- [Source information]
▼

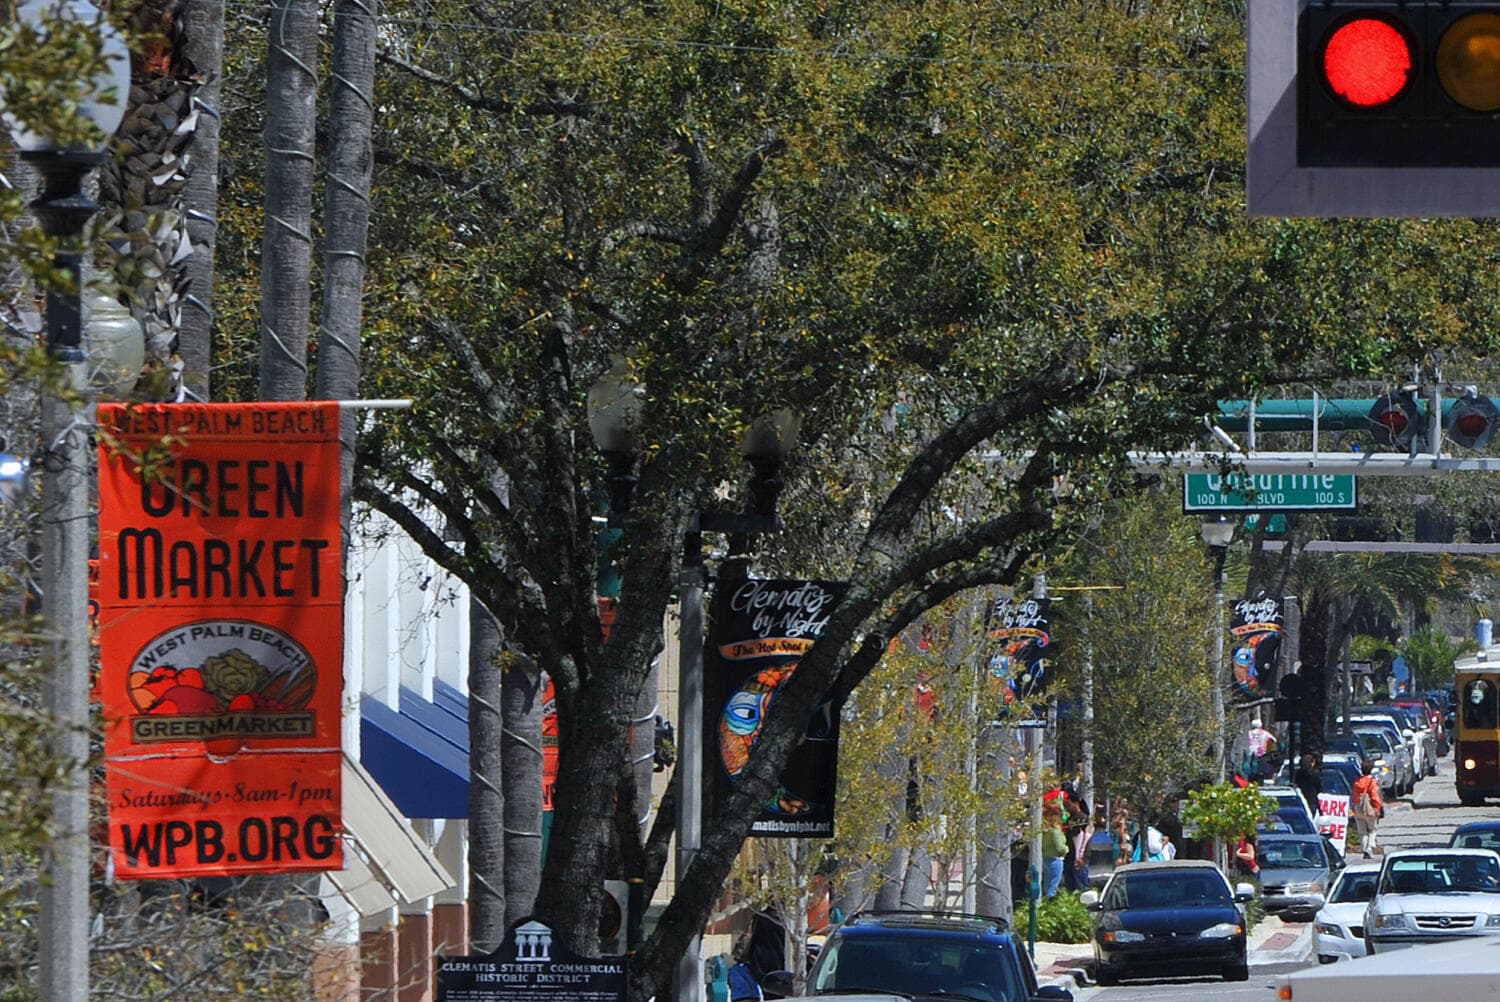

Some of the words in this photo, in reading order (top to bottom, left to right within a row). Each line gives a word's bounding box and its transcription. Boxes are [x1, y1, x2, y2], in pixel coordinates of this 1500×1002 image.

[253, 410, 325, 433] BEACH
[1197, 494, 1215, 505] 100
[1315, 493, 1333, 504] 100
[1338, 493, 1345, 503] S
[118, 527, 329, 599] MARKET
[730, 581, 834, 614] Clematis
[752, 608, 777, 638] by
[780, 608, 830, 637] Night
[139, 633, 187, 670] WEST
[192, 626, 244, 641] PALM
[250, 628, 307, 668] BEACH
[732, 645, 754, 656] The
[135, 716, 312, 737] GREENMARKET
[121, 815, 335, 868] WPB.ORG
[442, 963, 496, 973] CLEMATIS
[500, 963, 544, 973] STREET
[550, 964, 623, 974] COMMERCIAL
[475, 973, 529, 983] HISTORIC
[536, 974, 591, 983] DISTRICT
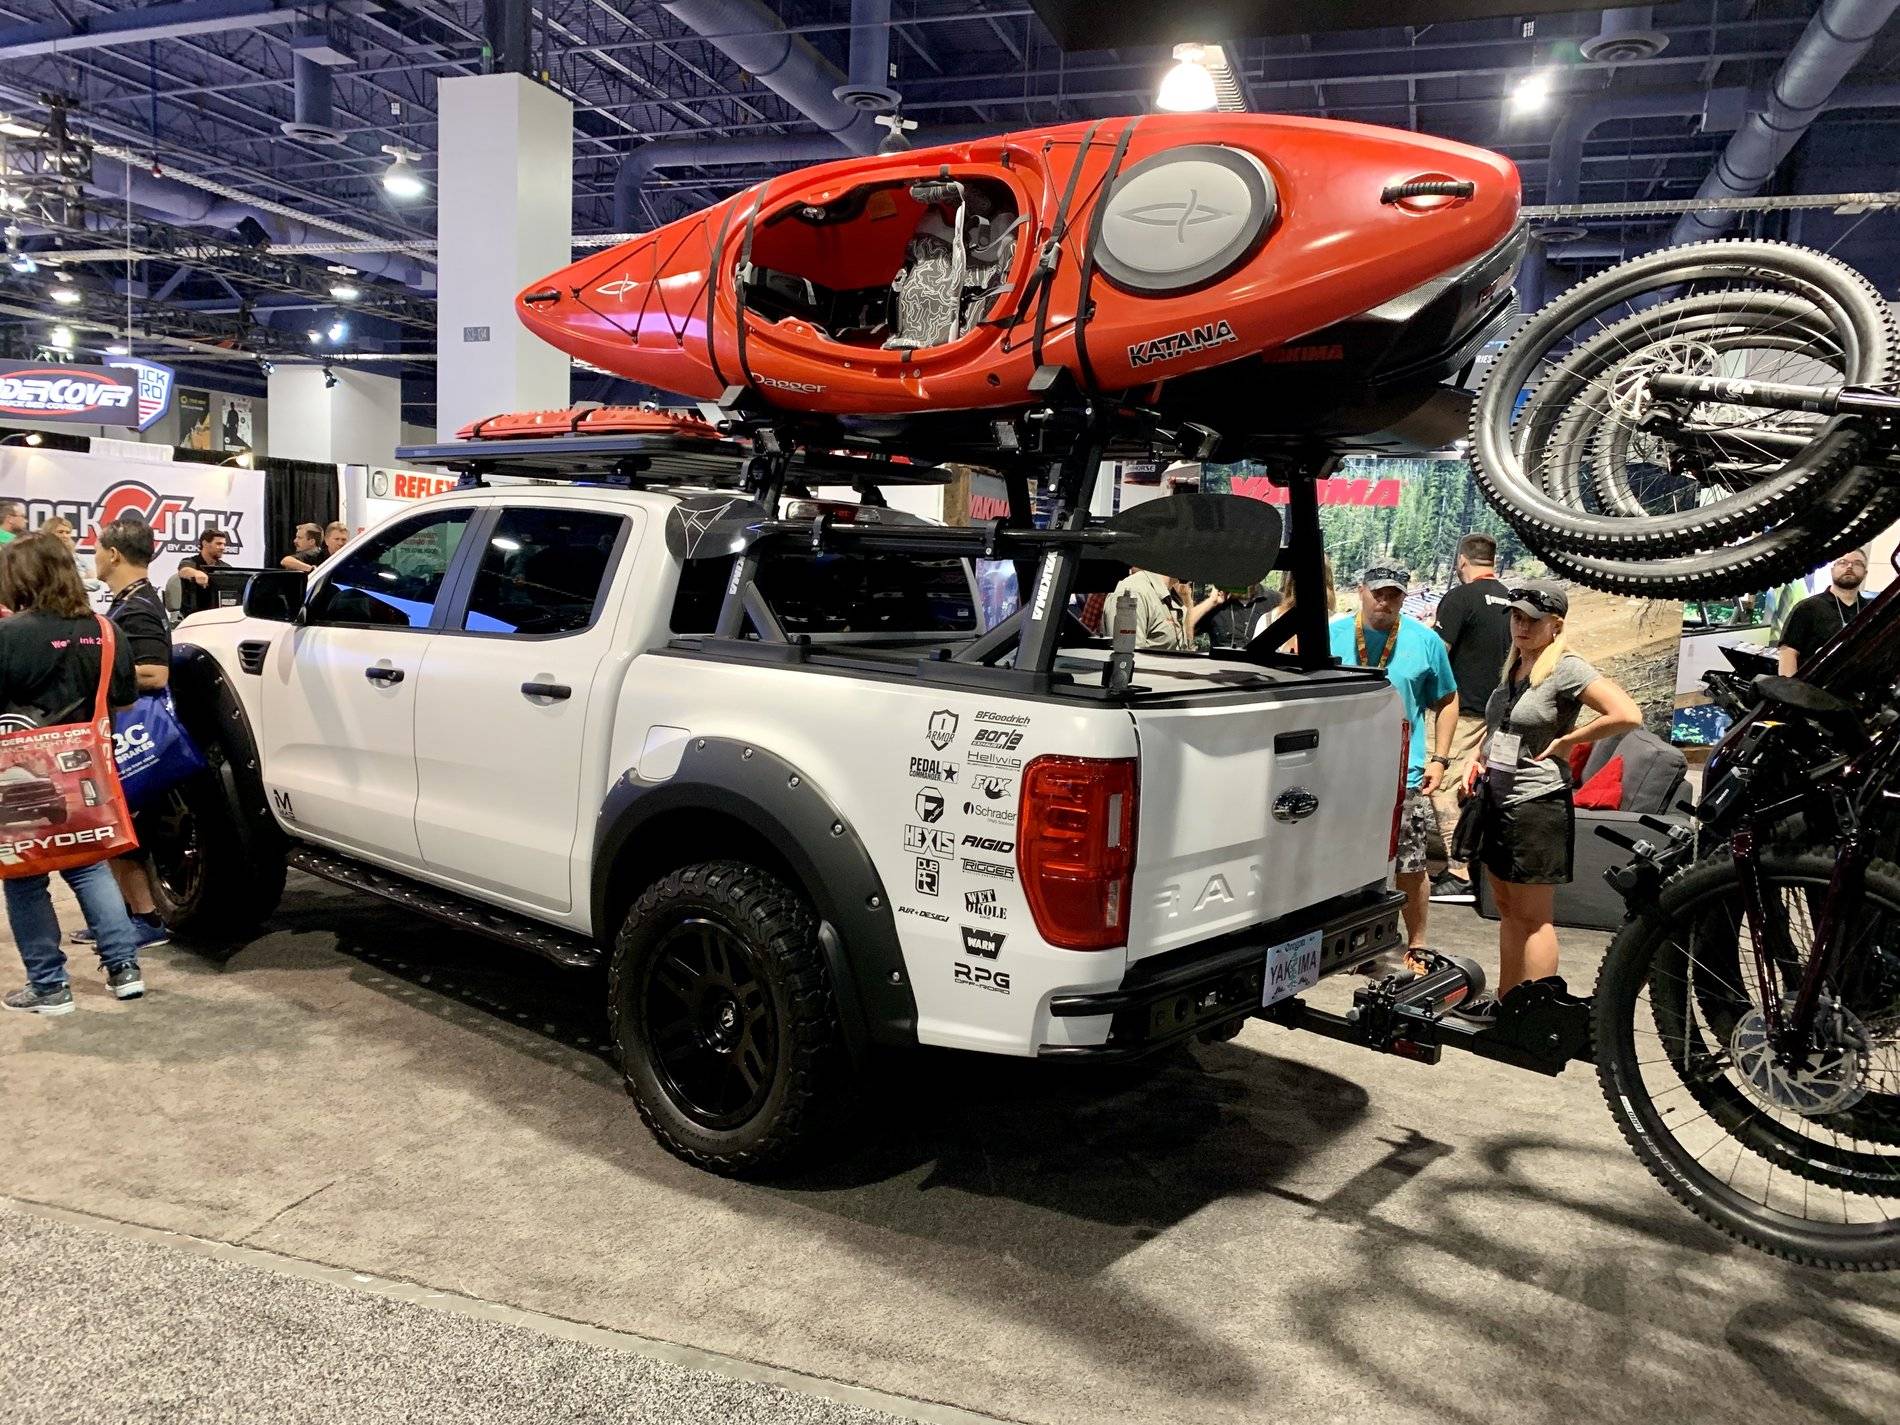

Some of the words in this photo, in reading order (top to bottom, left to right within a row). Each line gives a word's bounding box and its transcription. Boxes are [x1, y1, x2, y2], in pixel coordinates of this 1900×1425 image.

▲
▼

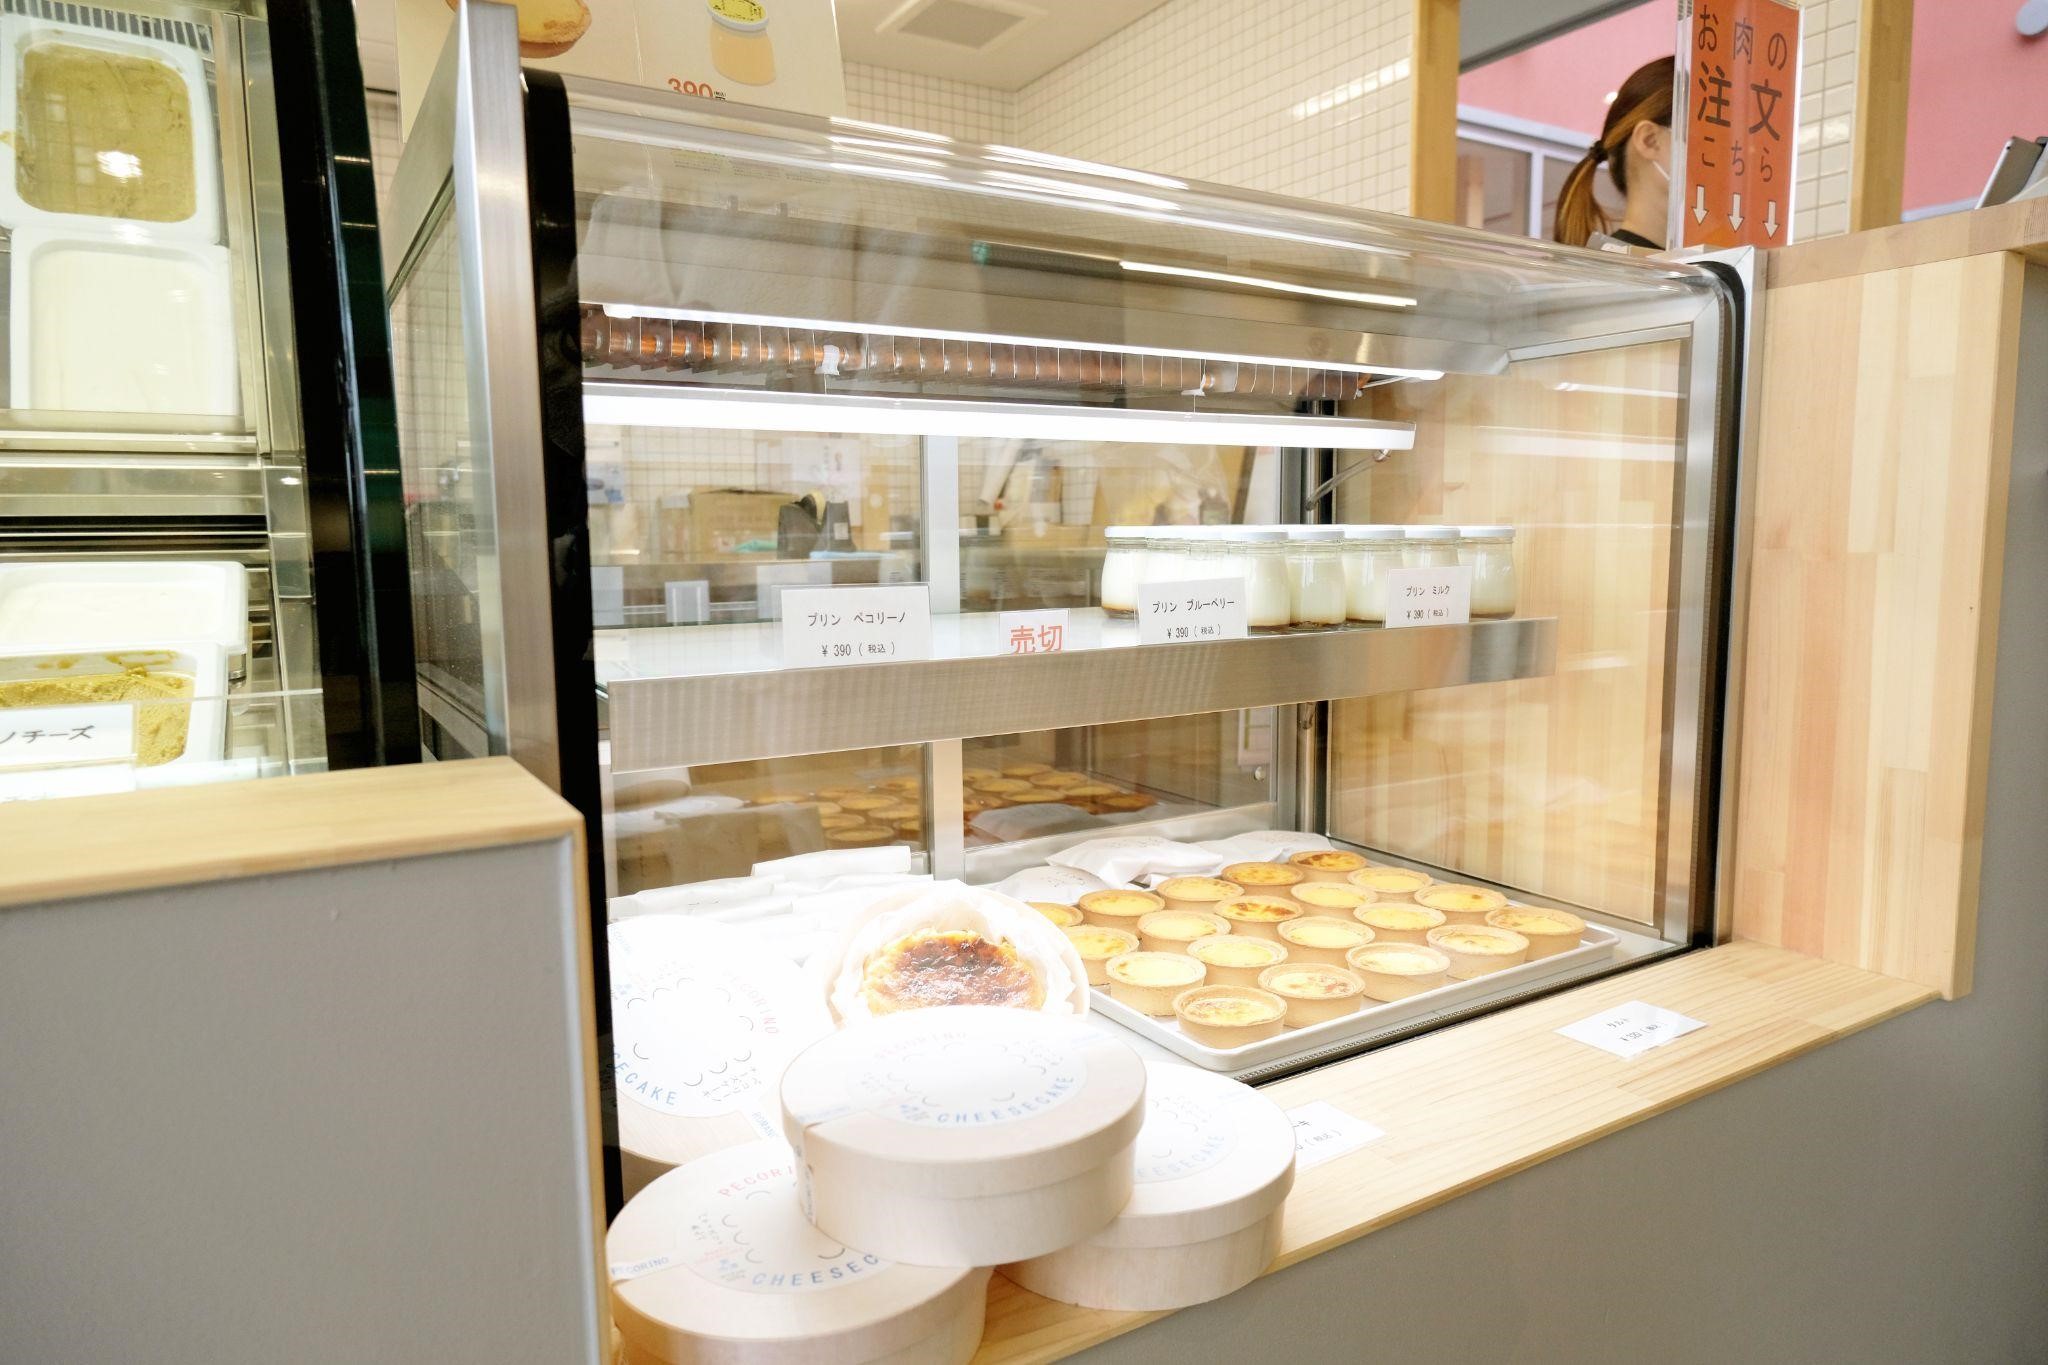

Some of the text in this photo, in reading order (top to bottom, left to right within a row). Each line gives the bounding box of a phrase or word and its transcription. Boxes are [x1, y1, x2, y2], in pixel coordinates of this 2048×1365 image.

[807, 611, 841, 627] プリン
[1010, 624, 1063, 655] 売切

▲

- [Exercise objective] Both the line containing "this 1500×1002 image." and the line containing "this 1900×1425 image." above belong in the output, as do the lines between them. Print them exactly, without pictures.

- [Exercise output]
Some of the words in this photo, in reading order (top to bottom, left to right within a row). Each line gives a word's bounding box and its transcription. Boxes are [x1, y1, x2, y2], in pixel coordinates of this 1500×1002 image.

[253, 410, 325, 433] BEACH
[1197, 494, 1215, 505] 100
[1315, 493, 1333, 504] 100
[1338, 493, 1345, 503] S
[118, 527, 329, 599] MARKET
[730, 581, 834, 614] Clematis
[752, 608, 777, 638] by
[780, 608, 830, 637] Night
[139, 633, 187, 670] WEST
[192, 626, 244, 641] PALM
[250, 628, 307, 668] BEACH
[732, 645, 754, 656] The
[135, 716, 312, 737] GREENMARKET
[121, 815, 335, 868] WPB.ORG
[442, 963, 496, 973] CLEMATIS
[500, 963, 544, 973] STREET
[550, 964, 623, 974] COMMERCIAL
[475, 973, 529, 983] HISTORIC
[536, 974, 591, 983] DISTRICT

Some of the words in this photo, in reading order (top to bottom, left to right within a row). Each line gives a word's bounding box and its transcription. Boxes are [x1, y1, x2, y2], in pixel coordinates of this 1900×1425 image.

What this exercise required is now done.